Desafios para promover o parto humanizado no Brasil
Enviada em 16/11/2020
Nas últimas três décadas, vivencia-se no Brasil uma cultura de banalização da humanização dos atos obstétricos, tanto em hospitais públicos como também nas instituições privadas. No entanto, isso se deve à falta de informação pelas mulheres ,mas também, pelo excesso de protagonismo do corpo clínico, que utiliza de procedimentos muitas vezes desnecessários.
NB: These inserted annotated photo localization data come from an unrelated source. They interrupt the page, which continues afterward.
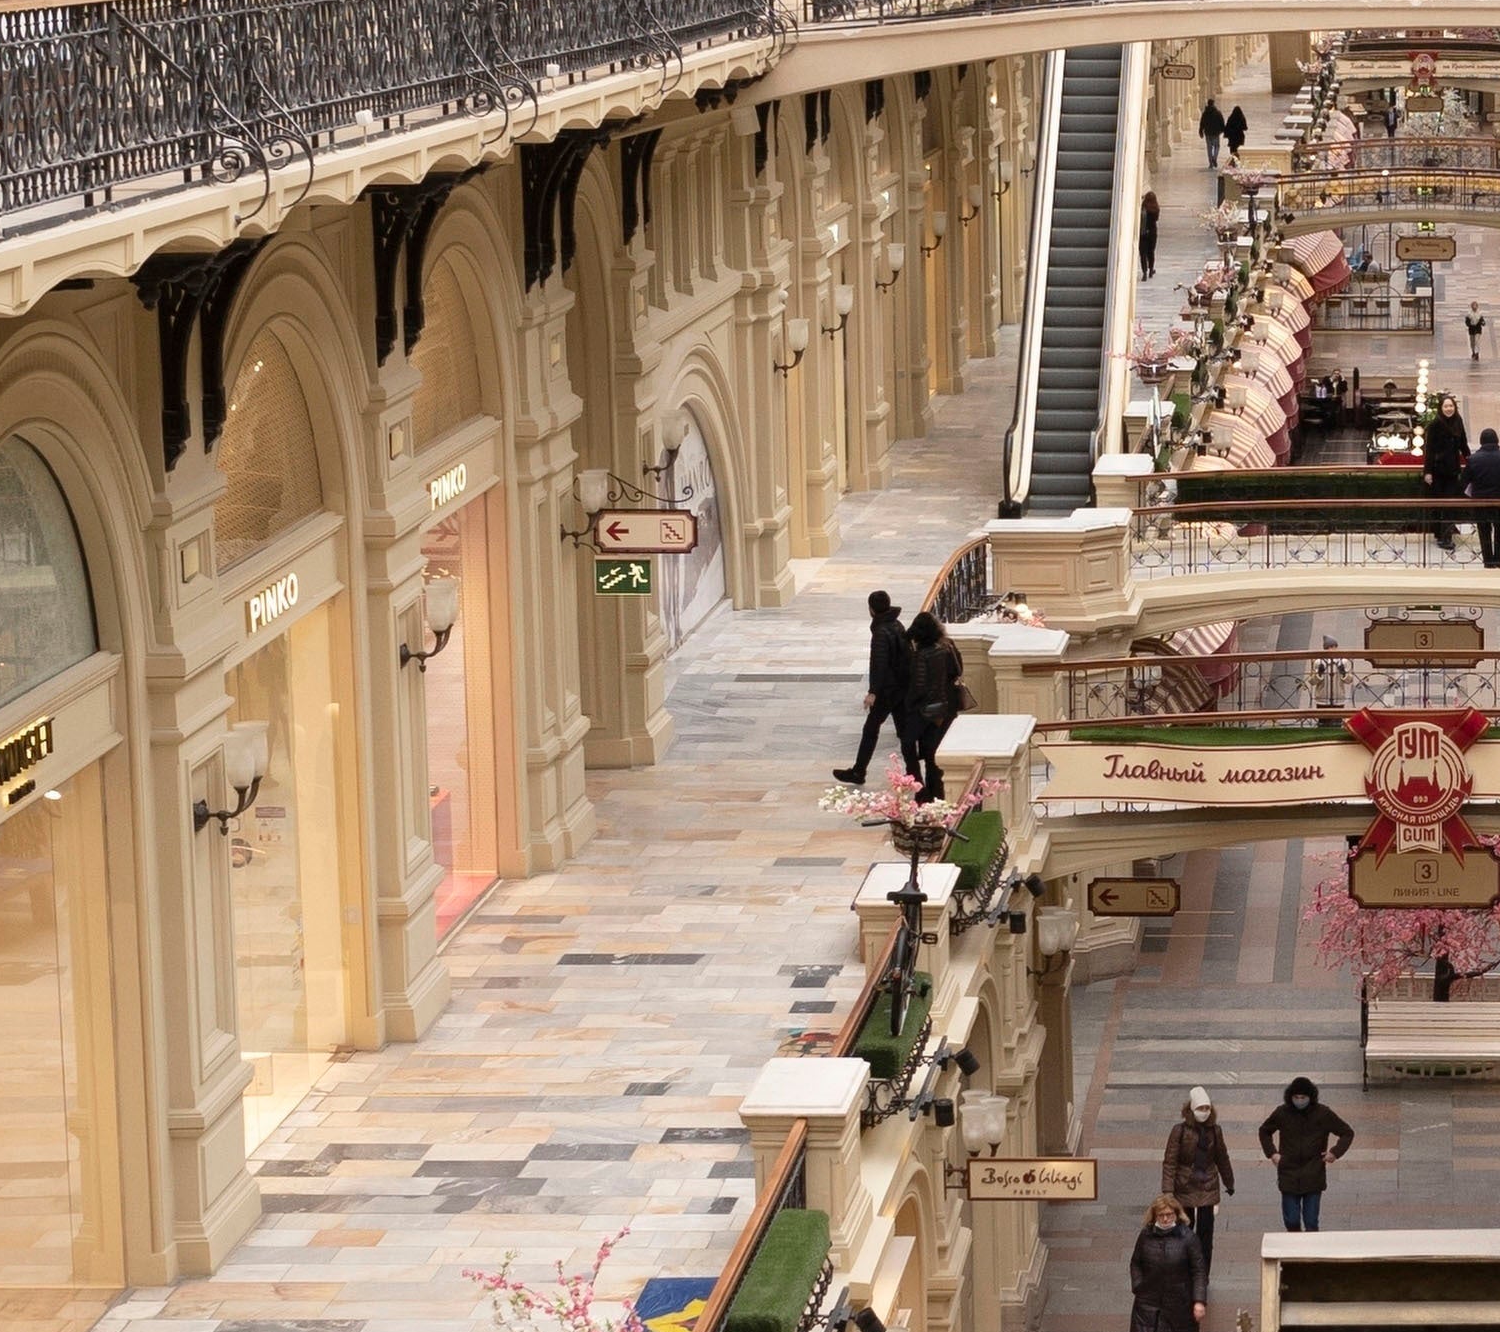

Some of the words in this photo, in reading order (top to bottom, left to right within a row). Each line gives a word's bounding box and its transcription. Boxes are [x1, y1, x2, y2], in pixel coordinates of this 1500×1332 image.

[430, 463, 467, 511] PINKO
[248, 572, 299, 633] PINKO
[1420, 634, 1429, 646] 3
[1398, 727, 1440, 759] ГУМ
[1102, 754, 1207, 784] Главный
[1219, 764, 1325, 785] магазин
[1377, 796, 1417, 824] КРАСНАЯ
[1417, 794, 1461, 824] ПЛОЩАДЬ
[1402, 826, 1437, 843] GUM
[1420, 864, 1432, 879] 3
[1392, 887, 1430, 898] ЛИНИЯ
[1436, 887, 1461, 898] LINE
Urge então, a necessidade de se voltar aos primórdios, onde o ato de dar à luz era algo intuitivo e natural.
De acordo com a psicóloga e doula Eleonora Moraes.¨ humanizar é acreditar na fisiologia da gestação e do parto.¨ No entanto, a falta de conhecimento do próprio corpo e da concepção, bem como, da pressão psicológica sofrida pelos profissionais de saúde e por familiares que obtiveram uma experiência ruim no momento do parto, causam sofrimento e a incapacidade de a gestante opinar sobre como virá conceber.
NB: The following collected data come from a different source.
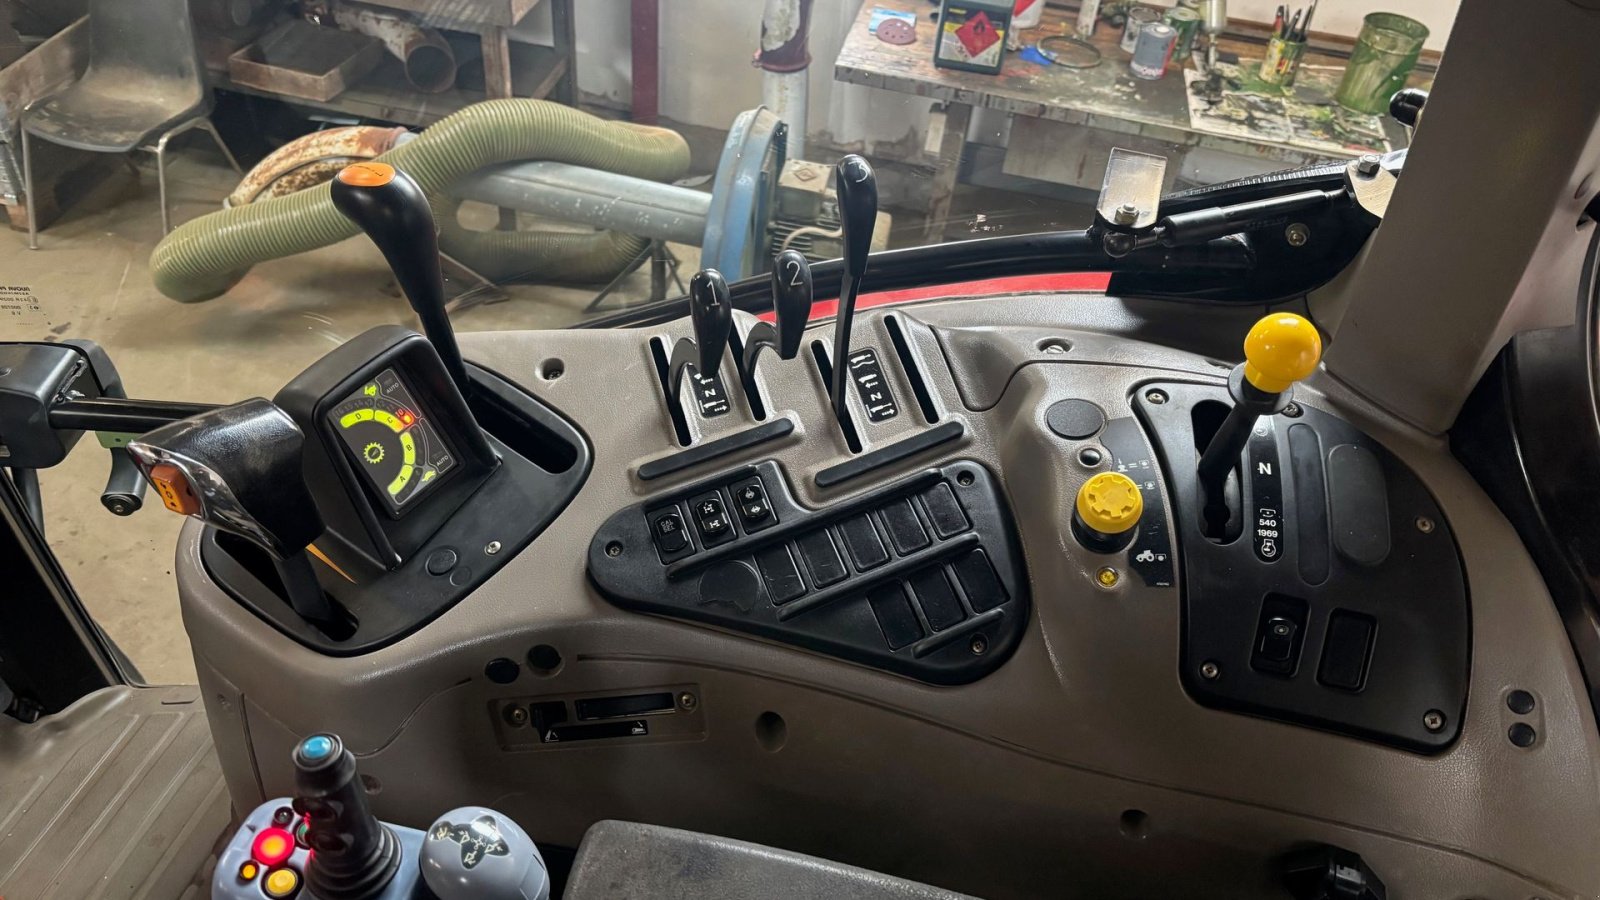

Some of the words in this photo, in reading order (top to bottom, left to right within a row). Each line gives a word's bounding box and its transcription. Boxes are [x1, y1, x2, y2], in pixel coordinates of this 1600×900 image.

[786, 260, 804, 286] 2
[706, 281, 720, 307] 1
[386, 383, 399, 393] AUTO
[704, 389, 716, 398] N
[870, 392, 883, 402] N
[395, 408, 405, 418] 10
[387, 416, 393, 424] C
[436, 456, 449, 466] AUTO
[1259, 462, 1272, 475] N
[1259, 519, 1277, 527] 540
[1257, 528, 1279, 538] 1969
Inesperadamente, o Brasil ocupa o segundo lugar no mundo em número de cesarianas. enquanto a Organização Mundial da Saúde(OMS) estabelece em até 15% a proporção recomendada, no país o percentual chega a 57%. Sendo que em sua maioria de forma programada, sem avaliação prévia de riscos ou possibilidade de parto natural. Por consequência, se obtém uma geração futura com transtornos respiratórios e imunológicos.
Sendo assim, é necessário que o Ministério da Saúde, elabore leis onde, o parto tipo cesariana, seja feito somente quando necessário, assim como, procedimentos abusivos como episiotomia e ocitocina sintética. A fim de, preconizar um protocolo em todos os centros obstétricos públicos e privados da nação. Além disso, formular cartilhas educativas instruindo as puérperas sobre seus direitos. Nesse sentido, o intuito de cada medida é tornar a mulher protagonista da sua ¨hora¨. E também uma geração futura sem cicatriz otológica.